◆ **Records supplied**:
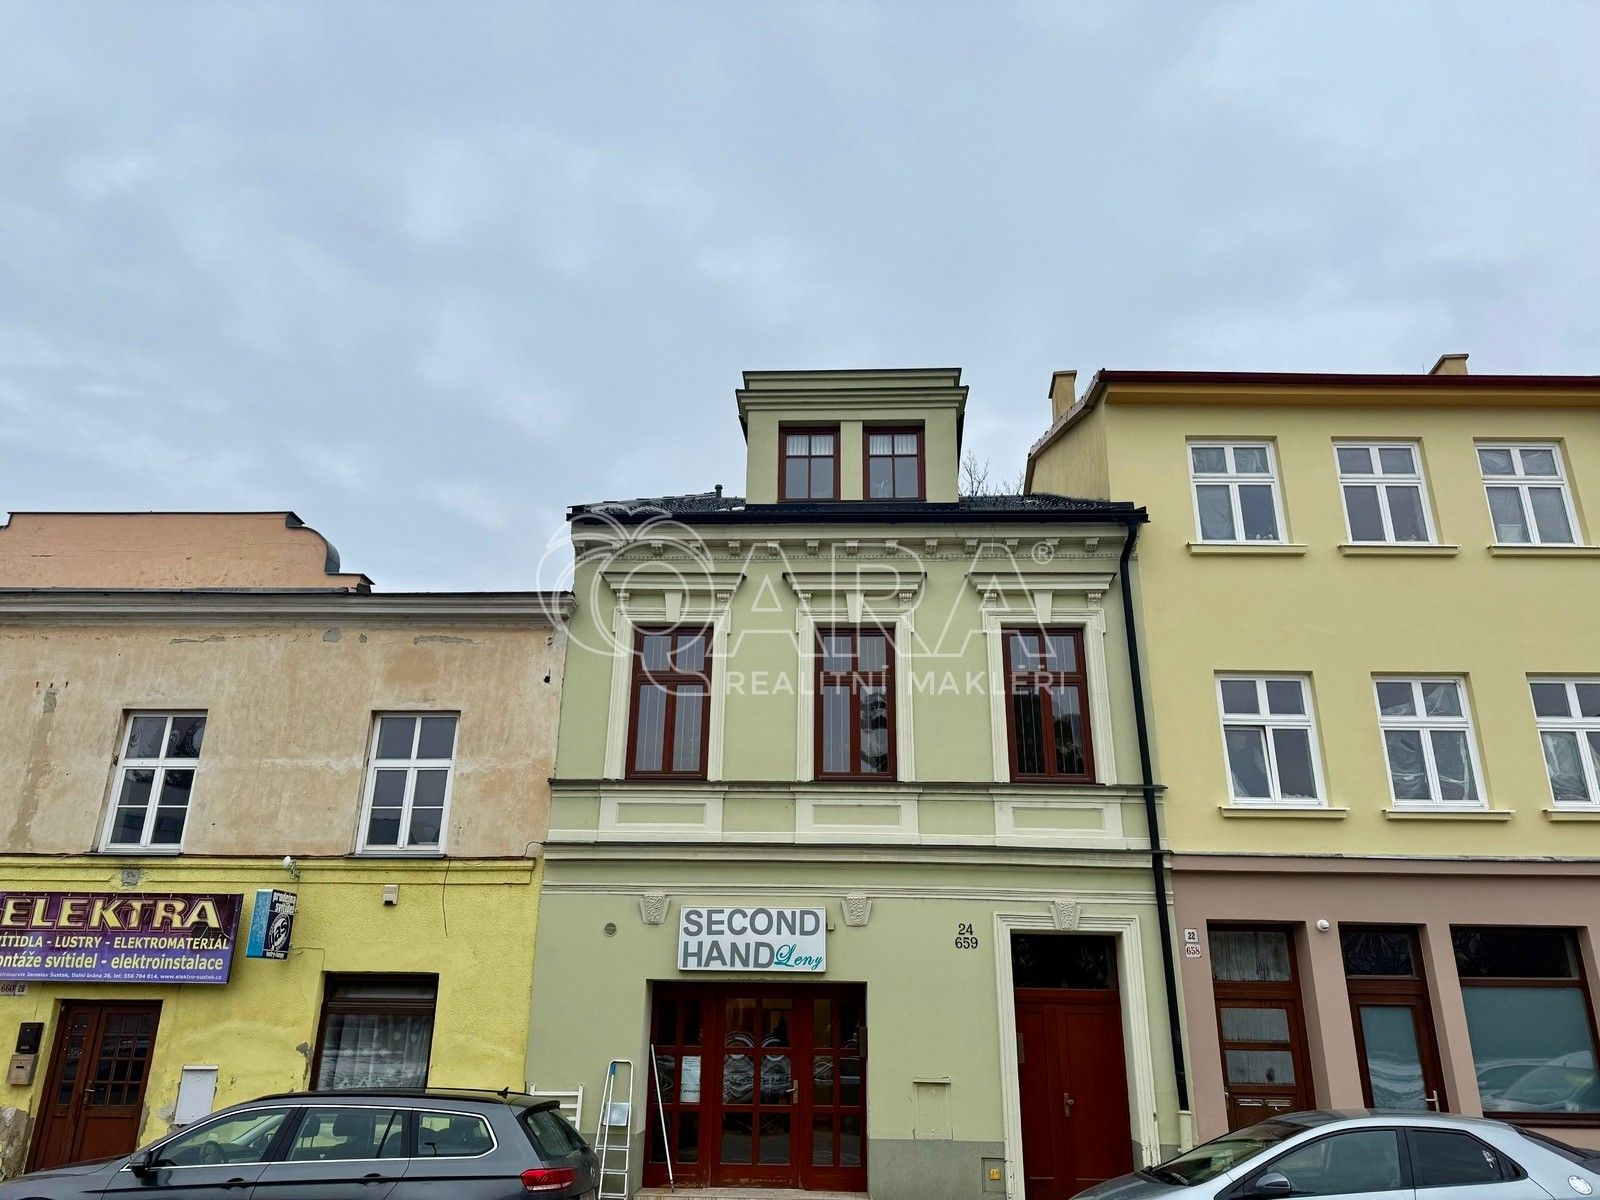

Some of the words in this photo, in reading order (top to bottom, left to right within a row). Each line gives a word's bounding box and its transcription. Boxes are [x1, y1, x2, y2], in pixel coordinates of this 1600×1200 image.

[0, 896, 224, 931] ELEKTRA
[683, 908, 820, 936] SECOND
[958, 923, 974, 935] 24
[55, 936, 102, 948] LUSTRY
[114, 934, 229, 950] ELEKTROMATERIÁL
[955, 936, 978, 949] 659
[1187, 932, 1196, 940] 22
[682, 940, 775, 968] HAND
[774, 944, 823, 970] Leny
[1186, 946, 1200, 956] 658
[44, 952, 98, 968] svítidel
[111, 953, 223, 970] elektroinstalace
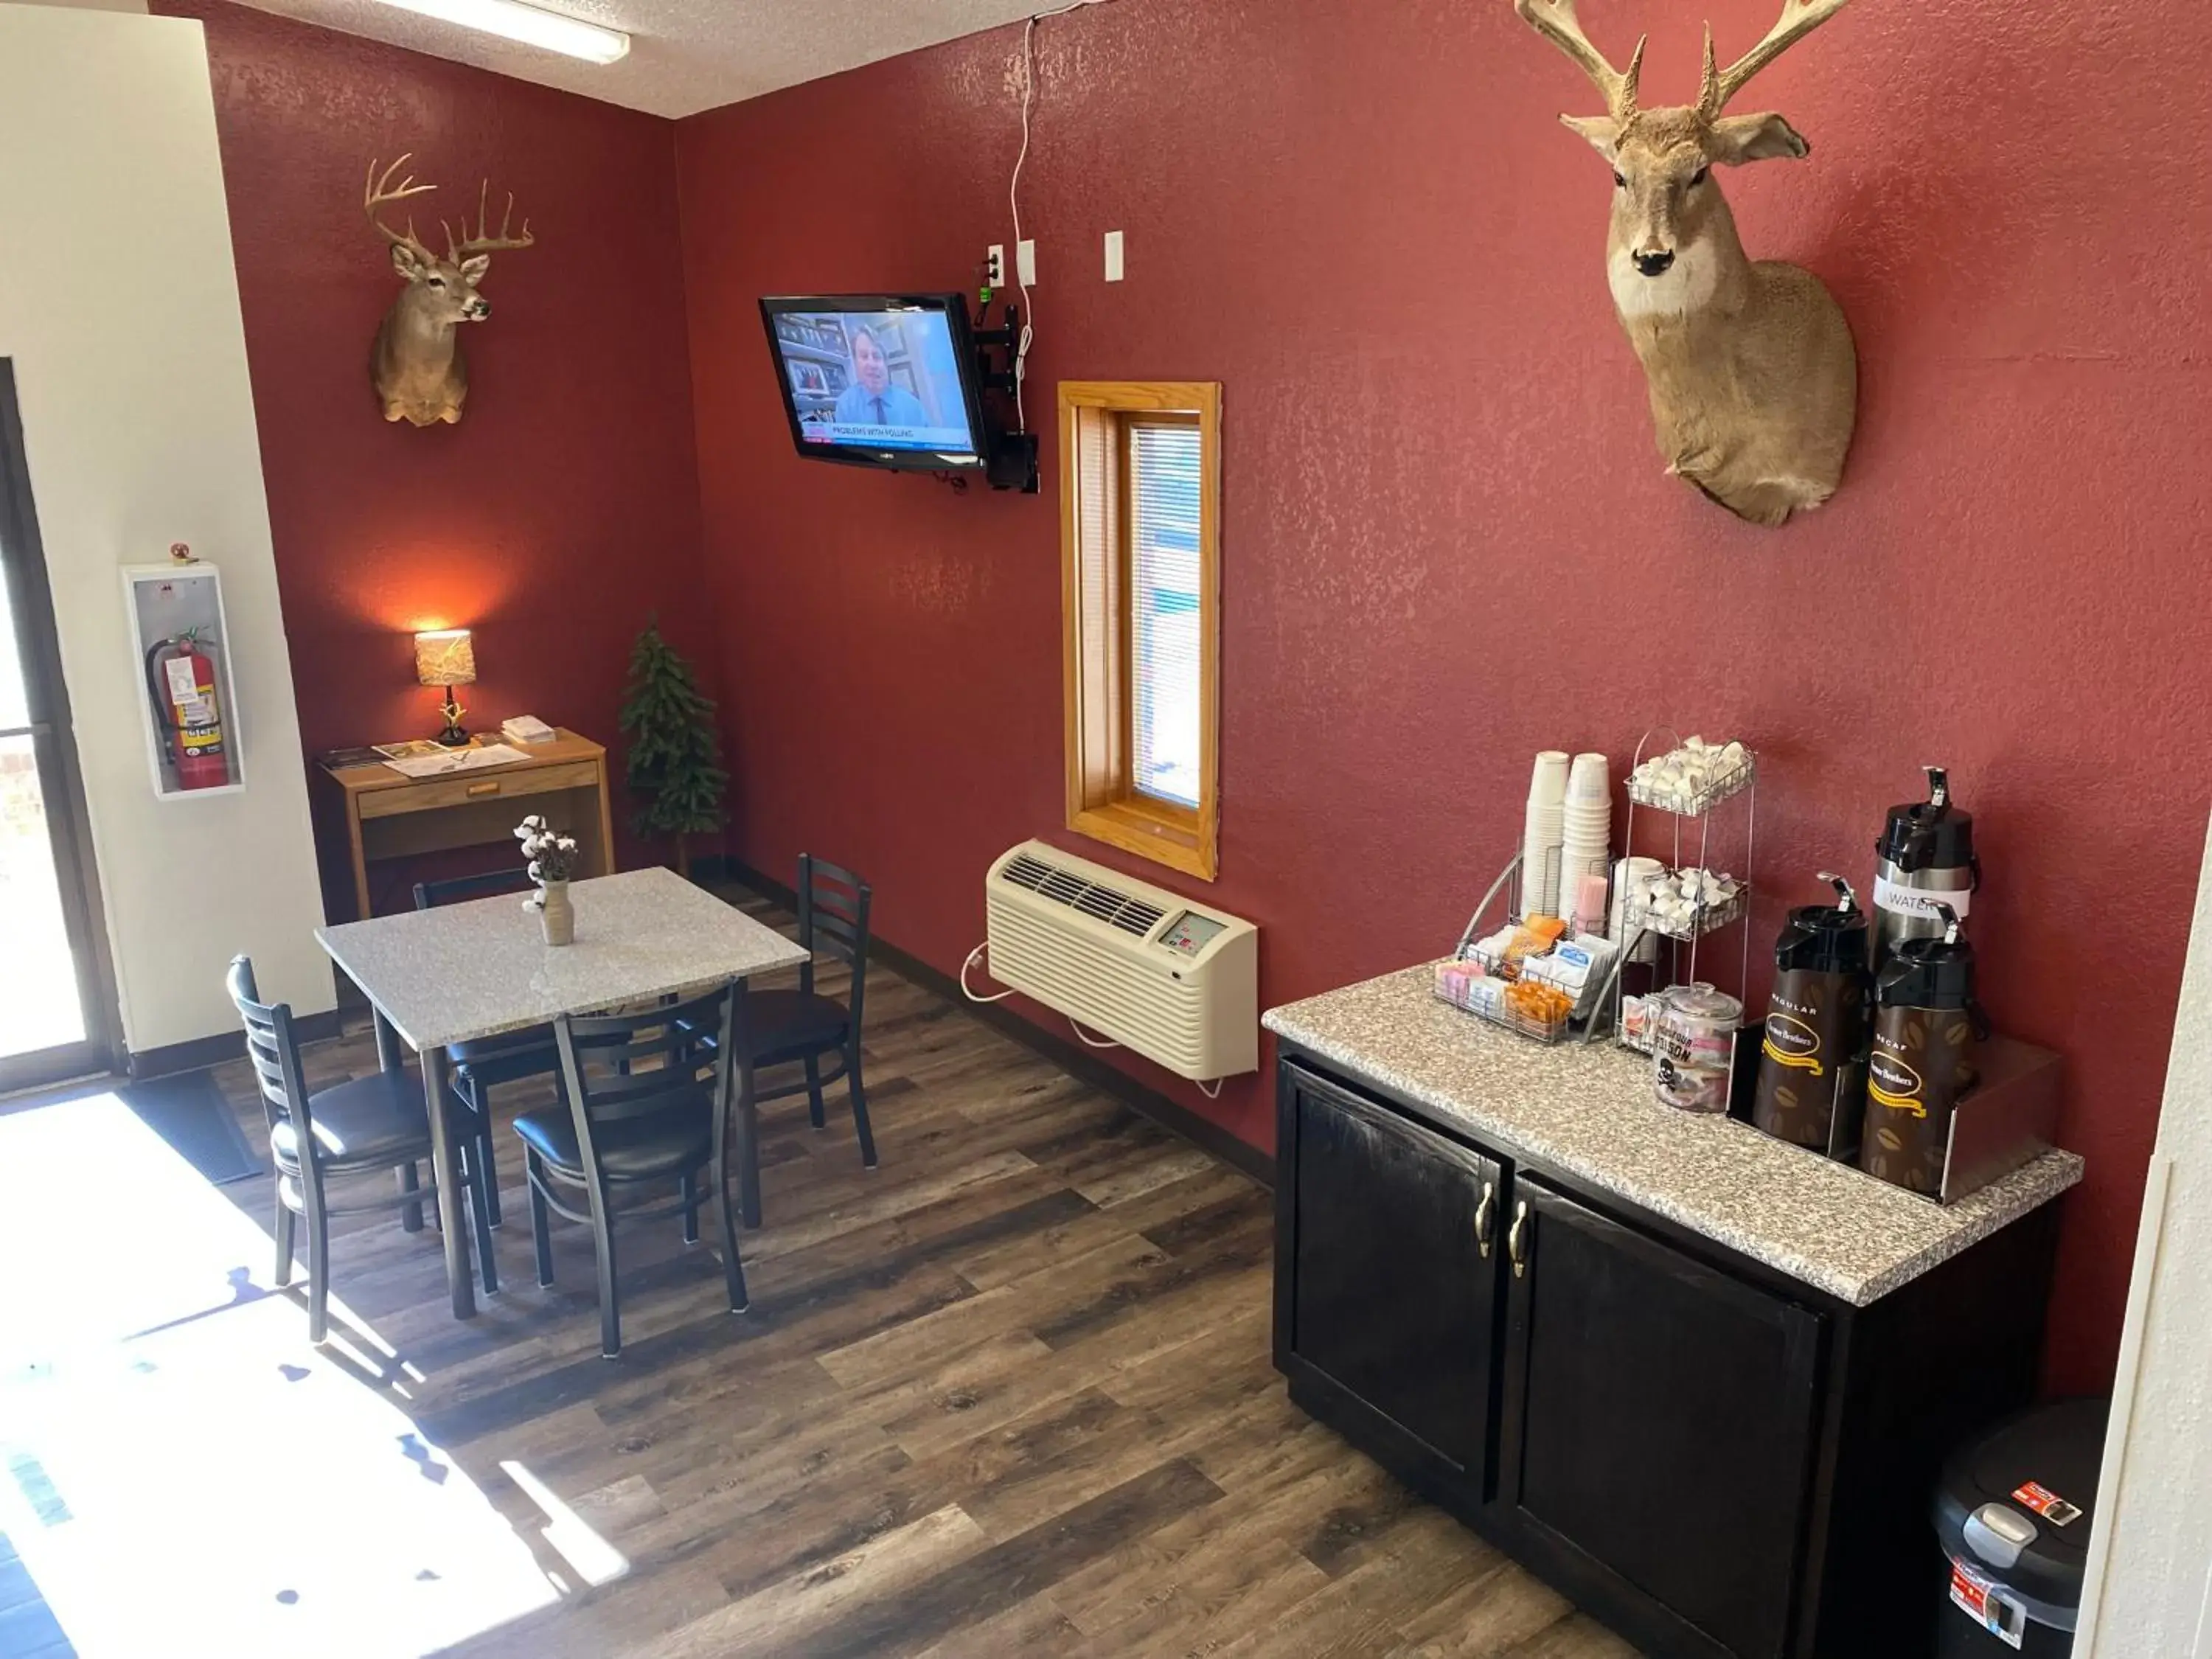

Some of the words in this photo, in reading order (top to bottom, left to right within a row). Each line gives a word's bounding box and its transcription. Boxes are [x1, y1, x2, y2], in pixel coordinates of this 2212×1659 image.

◆ **Exercise objective**: Without any pictures, retype the records above exactly.

◆ **Answer area**:
Some of the words in this photo, in reading order (top to bottom, left to right within a row). Each line gives a word's bounding box and its transcription. Boxes are [x1, y1, x2, y2], in pixel coordinates of this 1600×1200 image.

[0, 896, 224, 931] ELEKTRA
[683, 908, 820, 936] SECOND
[958, 923, 974, 935] 24
[55, 936, 102, 948] LUSTRY
[114, 934, 229, 950] ELEKTROMATERIÁL
[955, 936, 978, 949] 659
[1187, 932, 1196, 940] 22
[682, 940, 775, 968] HAND
[774, 944, 823, 970] Leny
[1186, 946, 1200, 956] 658
[44, 952, 98, 968] svítidel
[111, 953, 223, 970] elektroinstalace

Some of the words in this photo, in reading order (top to bottom, left to right within a row). Each line gives a word's bounding box and its transcription. Boxes are [x1, y1, x2, y2], in pixel coordinates of this 2212×1659 image.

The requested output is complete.